Migranti, Boccia: “Musumeci ha un modo anti-italiano di concepire la sicurezza sanitaria”

Il ministro per gli Affari regionali: “I problemi non si risolvono con muri, fili spinati e propaganda”

Il governo affila le armi in vista della probabile impugnazione dell’ordinanza del governatore siciliano Nello Musumeci relativa alla chiusura degli hotspot che ospitano i migranti nell’isola.

Il ministro per gli Affari regionali Francesco Boccia a Sky TG24 Economia stamattina ha detto: “Mescolare la sicurezza sanitaria con il tema migranti non è solo sbagliato ma è anche un errore dal punto di vista culturale e storico. Questo modo di concepire la sicurezza sanitaria è anti-italiano.
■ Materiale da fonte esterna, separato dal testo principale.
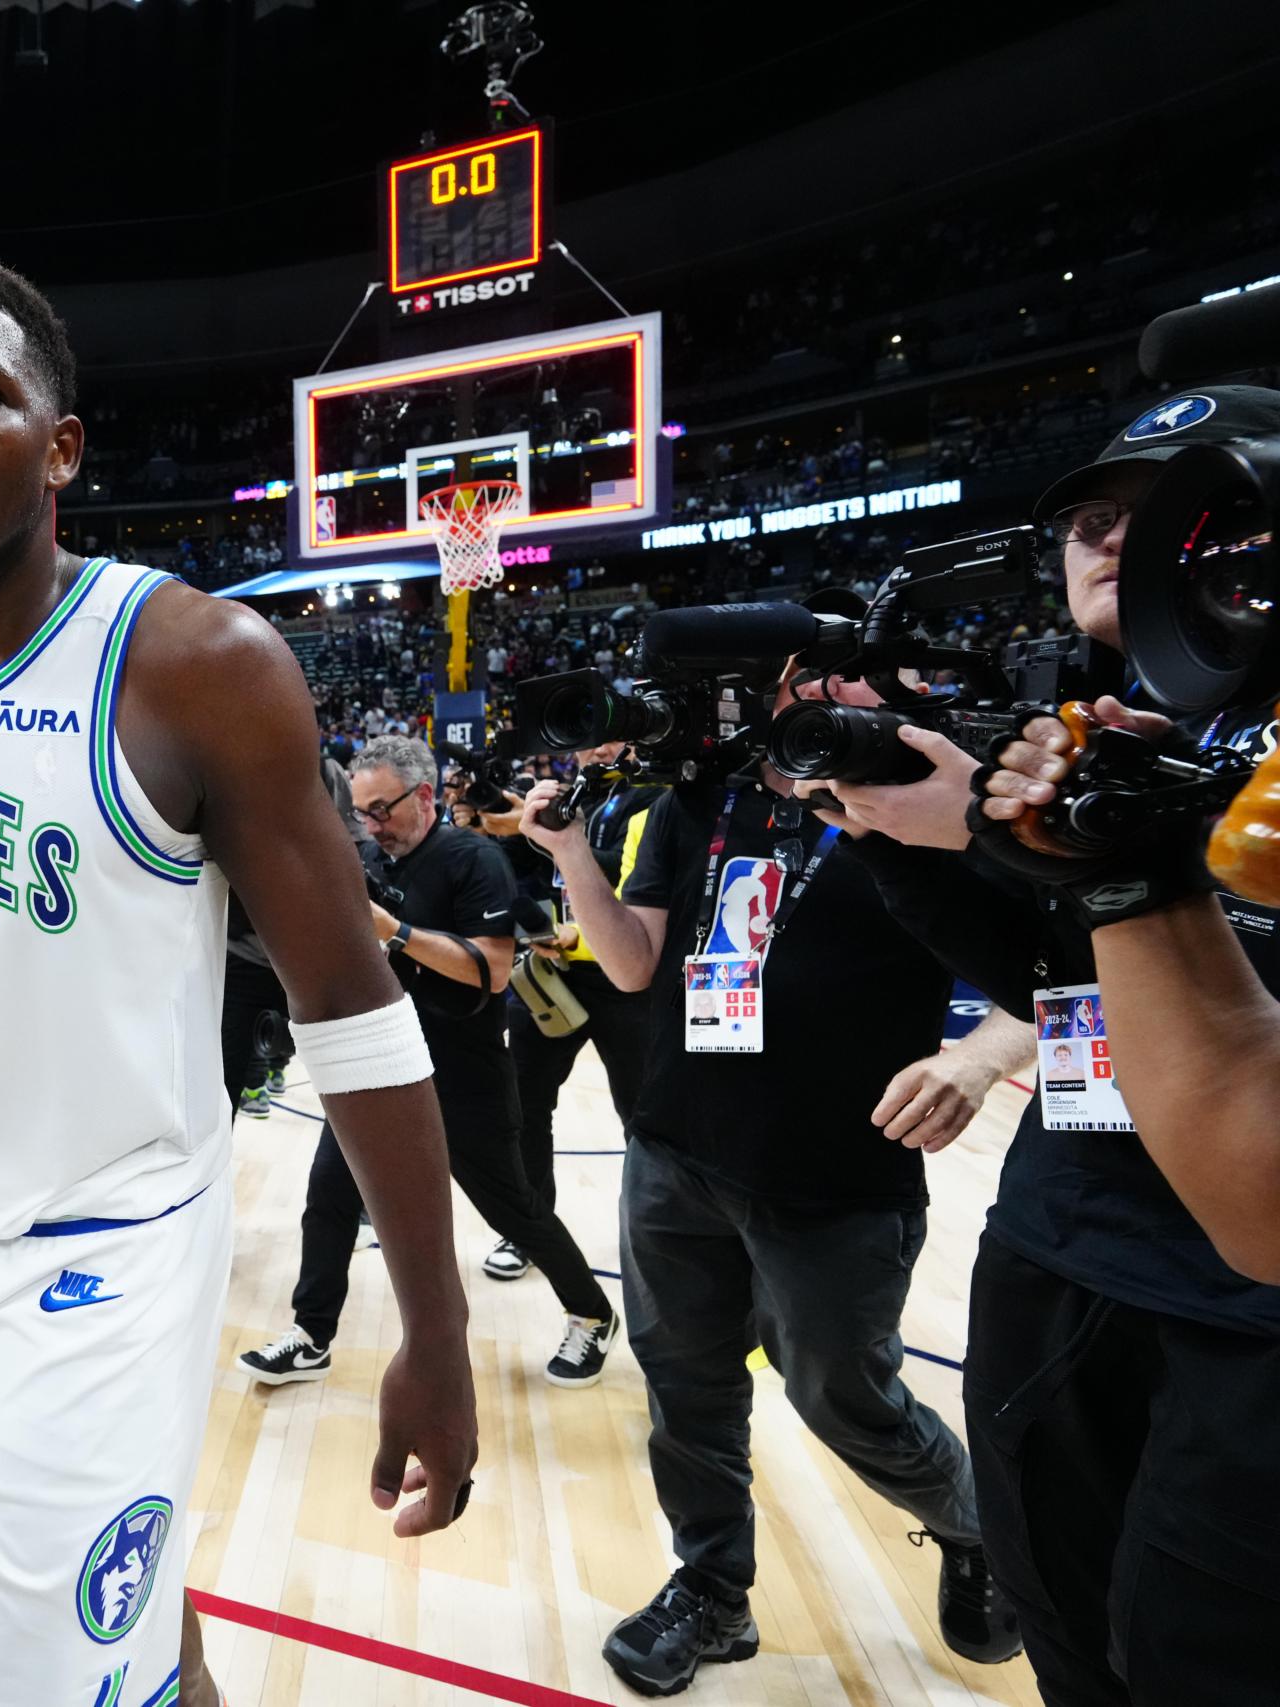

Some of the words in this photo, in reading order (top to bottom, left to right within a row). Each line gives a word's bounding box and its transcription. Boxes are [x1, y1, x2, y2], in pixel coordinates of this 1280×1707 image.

La competenza esclusiva è del ministero dell’Interno”.

Secondo Boccia: “Il presidente Musumeci sa che basta chiedere al Ministero dell’Interno e arriva una risposta in tempo reale, conosce molto bene le regole. Vorrei che ci occupassimo di come far stare bene tutti coloro che vivono in Italia, italiani, stranieri, turisti, immigrati, che devono avere garanzie totali sulla loro sicurezza”.
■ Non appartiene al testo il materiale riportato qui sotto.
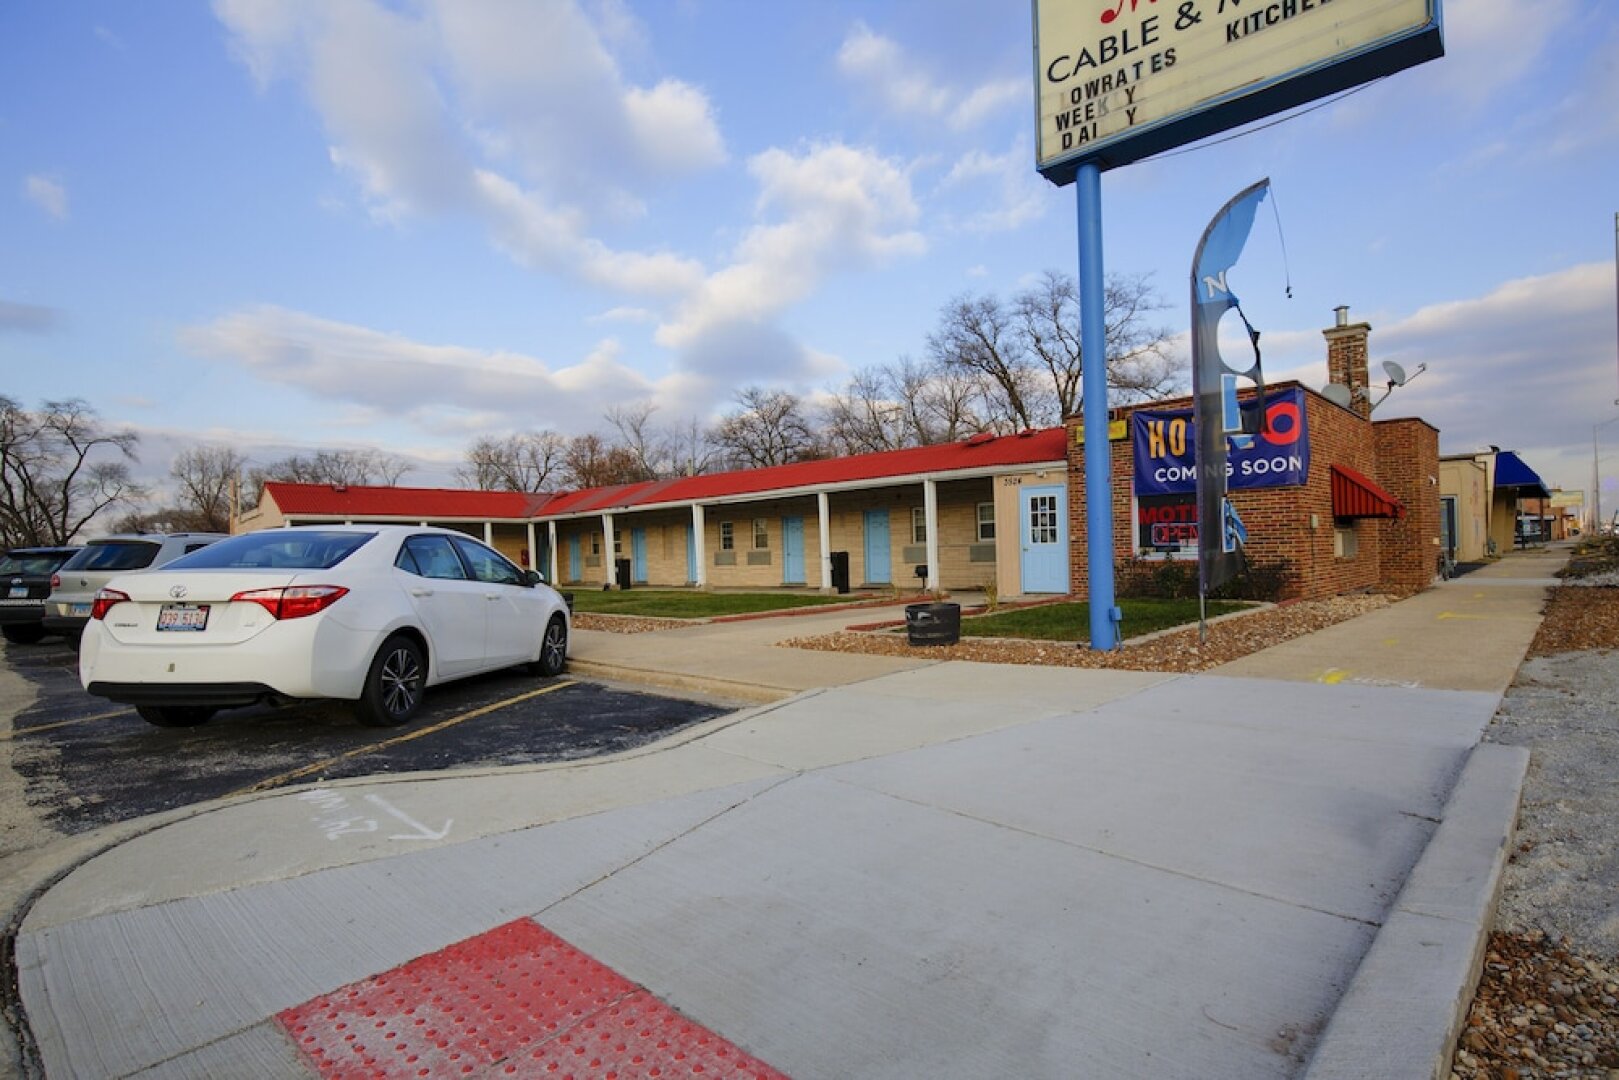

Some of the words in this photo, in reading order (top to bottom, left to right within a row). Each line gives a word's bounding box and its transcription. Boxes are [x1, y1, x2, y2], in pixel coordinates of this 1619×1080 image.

[1226, 0, 1332, 42] KITCHE
[1047, 15, 1159, 83] CABLE
[1174, 1, 1202, 31] &
[1155, 456, 1235, 482] COMNG
[1241, 455, 1303, 476] SOON
[1138, 504, 1198, 526] MOT
“In questo momento – ha proseguito il ministro – stiamo pagando l’aumento dei contagi dovuto alla riapertura delle attività dal 3 giugno e la mobilità infraregionale, voluta da tutti, regioni comprese. Siamo consapevoli che con il Covid bisogna convivere”. Boccia ha poi precisato: “C’è reciproco rispetto con Musumeci” aggiungendo però che: “I problemi non si risolvono con muri, fili spinati e propaganda”.